What is being asked:
A faithful copy of each entry below is expected, with the images removed.
Start of Exercise material
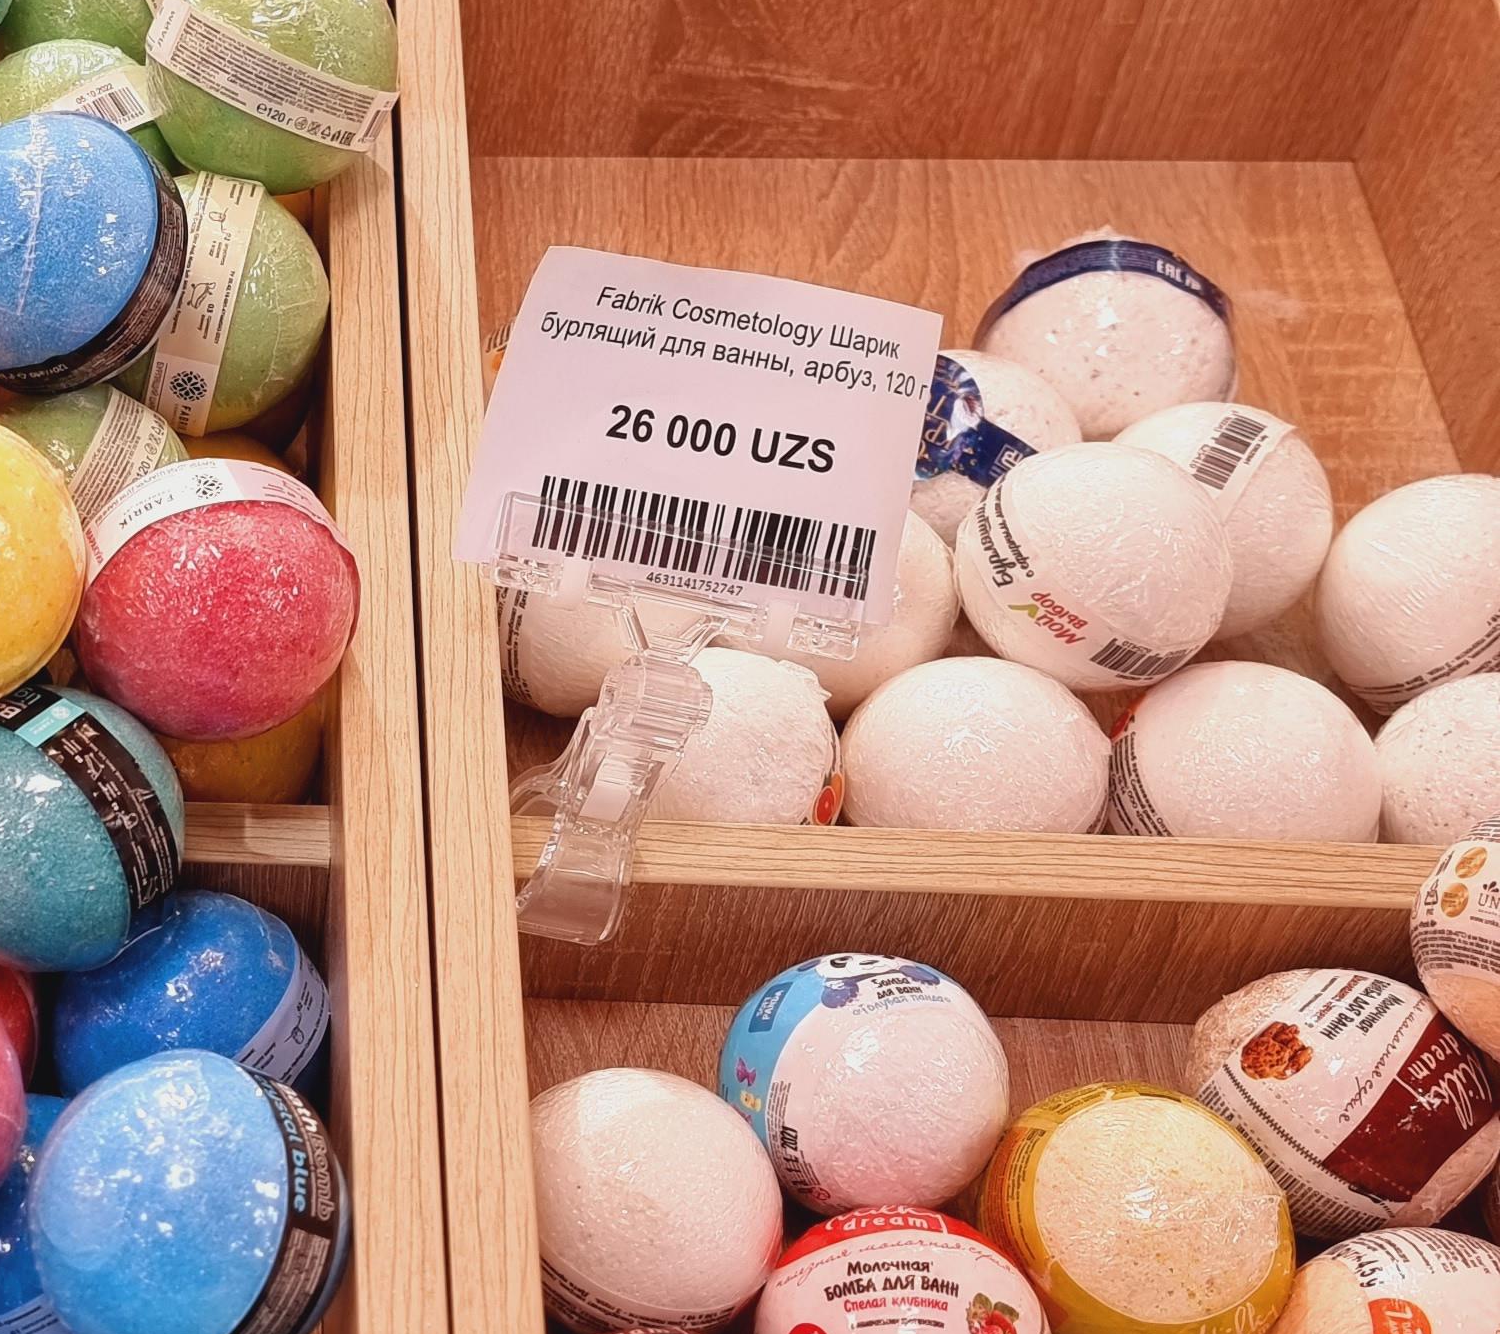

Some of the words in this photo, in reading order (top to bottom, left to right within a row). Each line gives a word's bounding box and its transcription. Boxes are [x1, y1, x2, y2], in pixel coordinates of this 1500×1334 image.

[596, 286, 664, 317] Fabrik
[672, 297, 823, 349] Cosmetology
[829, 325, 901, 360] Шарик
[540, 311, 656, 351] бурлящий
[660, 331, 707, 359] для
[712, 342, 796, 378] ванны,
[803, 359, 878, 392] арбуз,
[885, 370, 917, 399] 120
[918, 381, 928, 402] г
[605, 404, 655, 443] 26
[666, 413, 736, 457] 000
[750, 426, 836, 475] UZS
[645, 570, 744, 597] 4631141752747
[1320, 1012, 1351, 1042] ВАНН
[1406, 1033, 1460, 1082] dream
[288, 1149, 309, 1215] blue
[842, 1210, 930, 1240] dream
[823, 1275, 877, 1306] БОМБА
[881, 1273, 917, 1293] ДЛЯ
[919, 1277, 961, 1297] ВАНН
End of Exercise material
Answer box:
Some of the words in this photo, in reading order (top to bottom, left to right within a row). Each line gives a word's bounding box and its transcription. Boxes are [x1, y1, x2, y2], in pixel coordinates of this 1500×1334 image.

[596, 286, 664, 317] Fabrik
[672, 297, 823, 349] Cosmetology
[829, 325, 901, 360] Шарик
[540, 311, 656, 351] бурлящий
[660, 331, 707, 359] для
[712, 342, 796, 378] ванны,
[803, 359, 878, 392] арбуз,
[885, 370, 917, 399] 120
[918, 381, 928, 402] г
[605, 404, 655, 443] 26
[666, 413, 736, 457] 000
[750, 426, 836, 475] UZS
[645, 570, 744, 597] 4631141752747
[1320, 1012, 1351, 1042] ВАНН
[1406, 1033, 1460, 1082] dream
[288, 1149, 309, 1215] blue
[842, 1210, 930, 1240] dream
[823, 1275, 877, 1306] БОМБА
[881, 1273, 917, 1293] ДЛЯ
[919, 1277, 961, 1297] ВАНН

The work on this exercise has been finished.